Visualizzazione post con etichetta Marías. Mostra tutti i post
Visualizzazione post con etichetta Marías. Mostra tutti i post

giovedì, novembre 11, 2004

Quando le cose finiscono

Quando le cose finiscono ormai hanno un loro numero e il mondo dipende allora dai suoi relatori, ma per poco tempo e non del tutto, non si esce mai del tutto dall'ombra, gli altri non finiscono mai e c'è sempre qualcuno per cui si racchiude un mistero. [...]
E quanto poco rimane di ogni individuo nel tempo inutile come la neve scivolosa, di quanto poco rimane traccia, e di quel poco tanto si tace, e di quello che non si tace si ricorda dopo solo una parte minima, e per poco tempo: mentre viaggiamo verso il nostro sfumare lentamente per transitare soltanto alla schiena o al rovescio di quel tempo, dove non si può continuare a pensare se non si può continuare a prendere commiato: "Addio risate e addio oltraggi. Non vi vedrò più, né voi mi vedrete. E addio ardore, addio ricordi".
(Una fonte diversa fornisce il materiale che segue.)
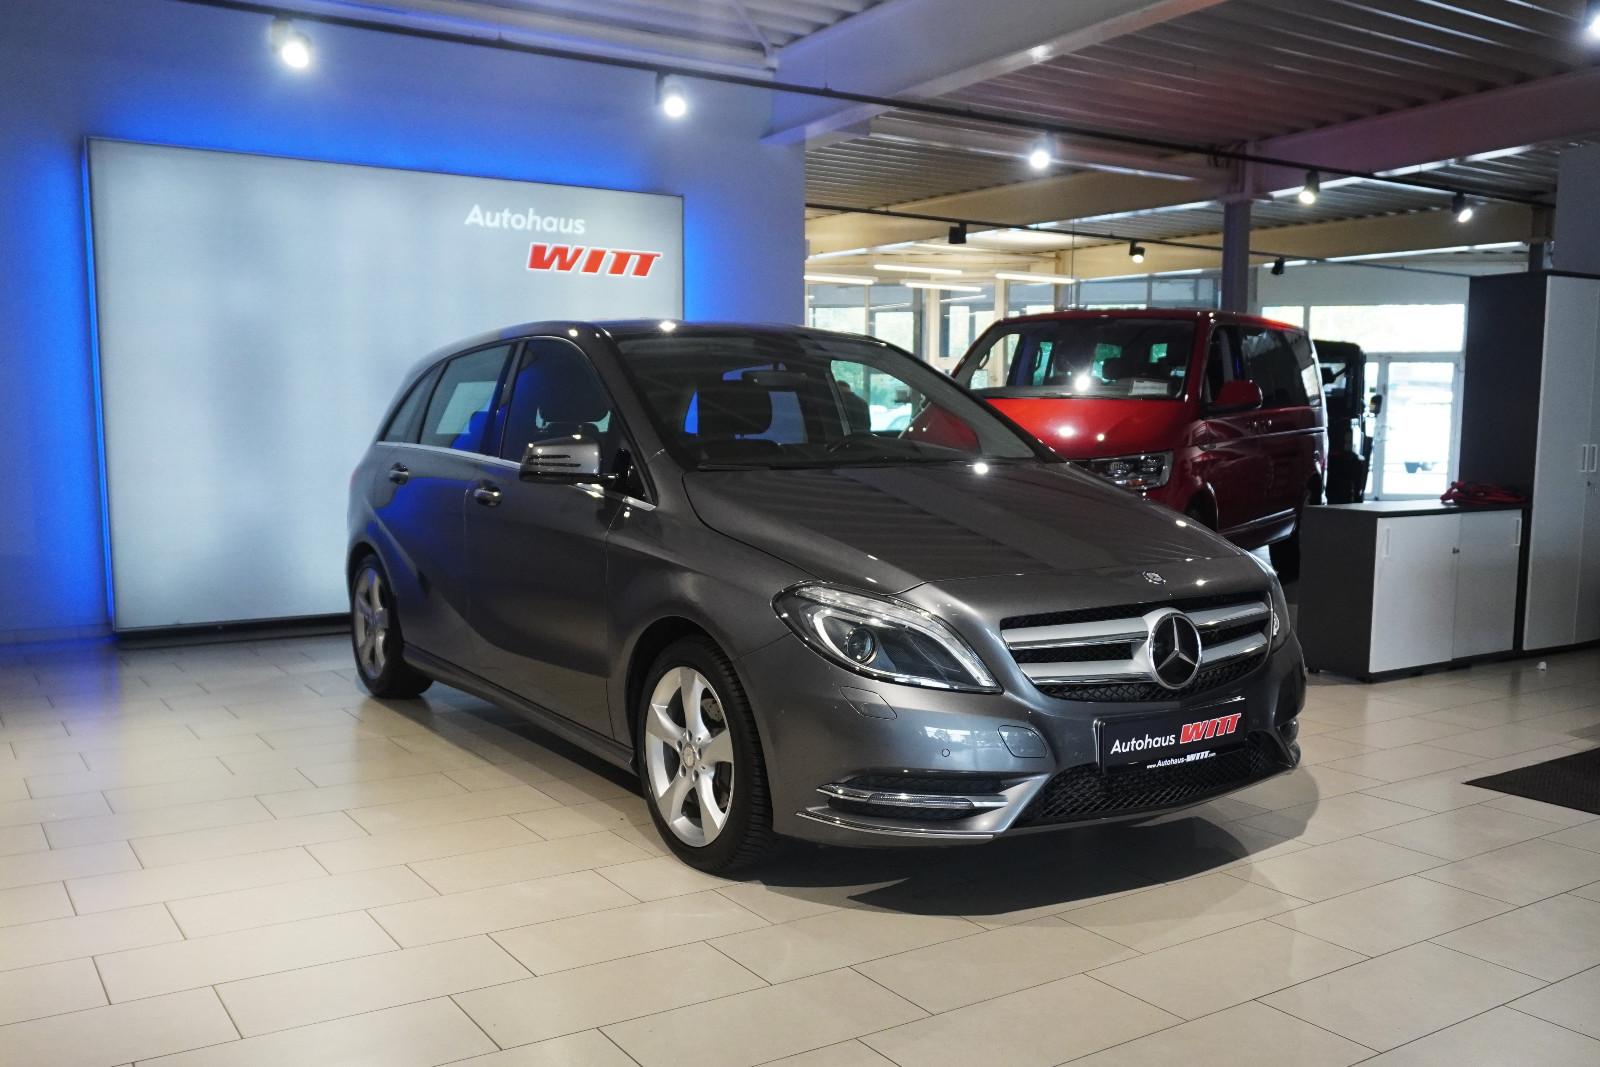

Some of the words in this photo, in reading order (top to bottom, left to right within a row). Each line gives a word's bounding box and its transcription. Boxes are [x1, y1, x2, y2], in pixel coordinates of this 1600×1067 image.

[464, 204, 585, 234] Autohaus
[526, 242, 663, 277] WITT
[1110, 734, 1176, 754] Autohaus
[1180, 713, 1241, 744] WITT
Javier Marías, Domani nella battaglia pensa a me



(un paio di sere fa D. mi chiedeva come mai non avessi mai acceso la candela di Gerusalemme. Eccola.)
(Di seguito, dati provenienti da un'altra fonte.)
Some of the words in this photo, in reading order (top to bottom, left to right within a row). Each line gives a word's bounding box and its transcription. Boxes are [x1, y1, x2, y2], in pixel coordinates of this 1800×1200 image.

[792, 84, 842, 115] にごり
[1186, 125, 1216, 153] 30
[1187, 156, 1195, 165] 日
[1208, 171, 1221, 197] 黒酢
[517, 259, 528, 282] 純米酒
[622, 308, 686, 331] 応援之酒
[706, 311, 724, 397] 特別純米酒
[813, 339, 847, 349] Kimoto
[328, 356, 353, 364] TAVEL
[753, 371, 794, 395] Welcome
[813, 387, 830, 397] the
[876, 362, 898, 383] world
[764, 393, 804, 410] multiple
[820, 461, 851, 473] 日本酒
mercoledì, novembre 12, 2003

Come neve sulle spalle

"Così sopportiamo i secoli e così niente diminuisce né finisce mai, tutto si contagia, niente ci lascia andare. E questo tutto ci va scorrendo come neve sulle spalle, sdrucciolevole e placida, solo che è neve che viaggia nel tempo, e più in là di noi, e che forse mai si ferma".
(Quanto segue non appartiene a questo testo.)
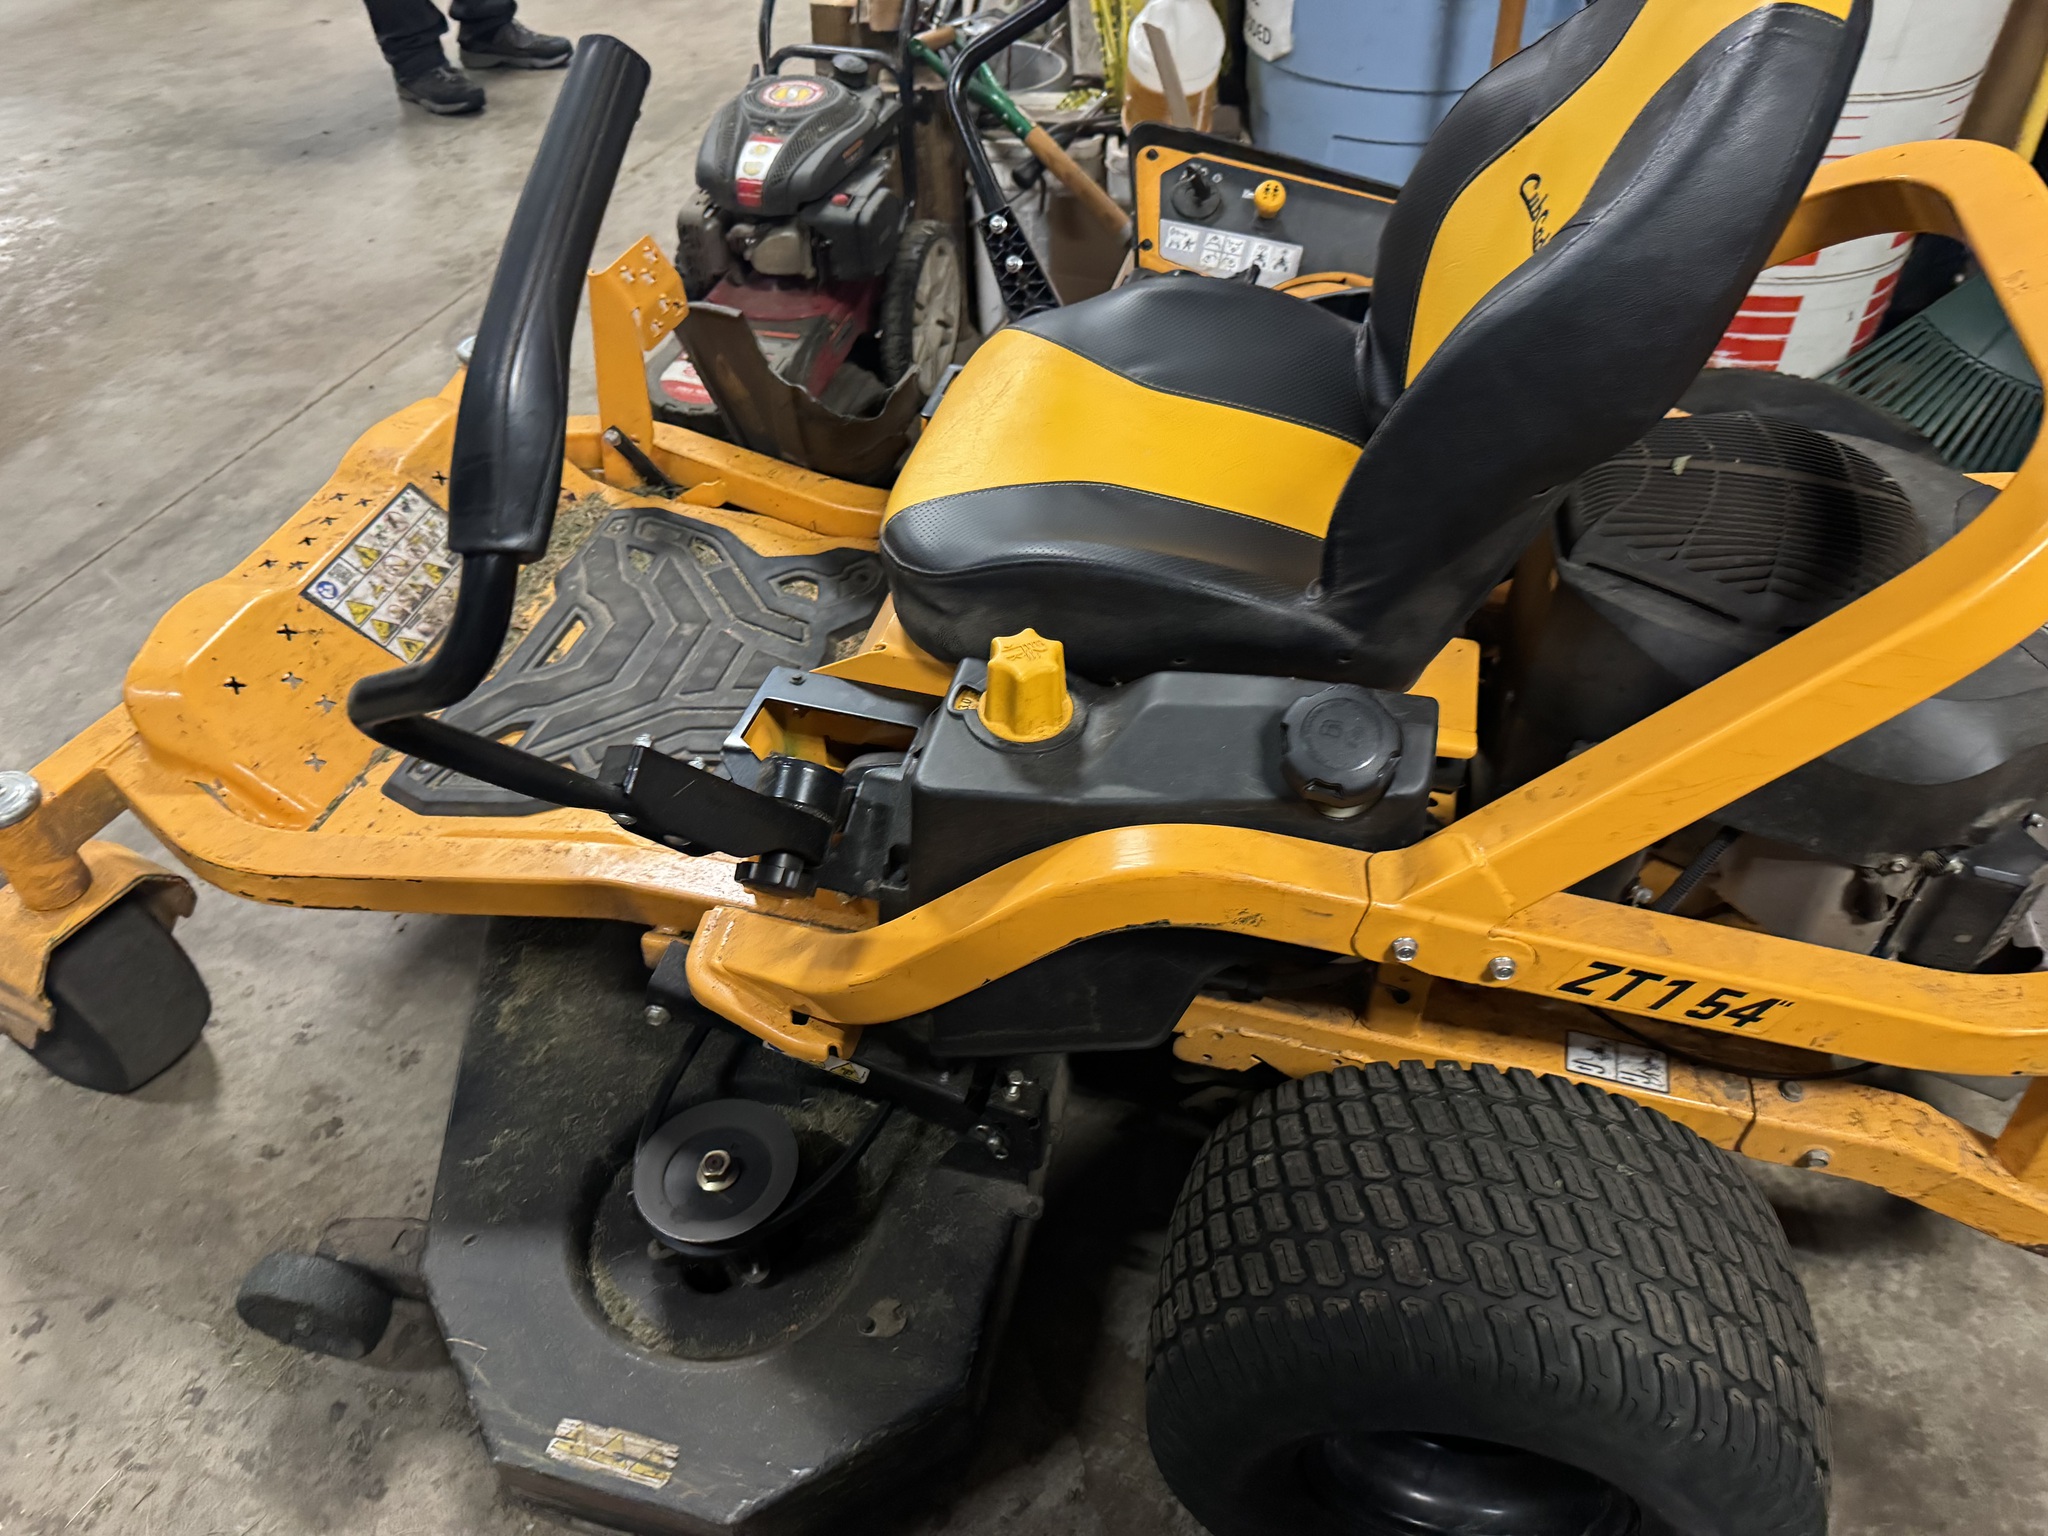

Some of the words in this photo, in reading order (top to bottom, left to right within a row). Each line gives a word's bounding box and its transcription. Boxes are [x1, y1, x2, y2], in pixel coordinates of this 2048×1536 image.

[1520, 173, 1548, 221] Cub
[1557, 961, 1697, 1010] ZT1
[1685, 988, 1796, 1028] 54"
Javier Marías, Il tuo volto domani

giovedì, maggio 29, 2003

O dramma o niente

"Abituati a vincere, abbiamo scoperto che perdere non finiva per ucciderci, e ciò ha il suo mistero. [...]
La prima lezione di ogni giocatore e di ogni allenatore dovrebbe essere questa: In questo gioco, se non c'è dramma non c'è niente. Se perdere o vincere una partita non viene vissuto come un evento cruciale e con una trama e una storia, con una svolta o una catastrofe, che riguarda il passato, il presente e il futuro, la dignità e il decoro e naturalmente la faccia con cui uno si alza l'indomani, allora lasciamo perdere e guardiamo in televisione le squadre degli altri con equanimità e tiepidamente (ben presto ci allontaneremmo da un programma così insulso). Il calcio è il circo dei nostri giorni, ma anche il teatro. Deve essere emozione, paura e tremito, desolazione o euforia".

Javier Marías, "Cuori così bianchi", Selvaggi e sentimentali.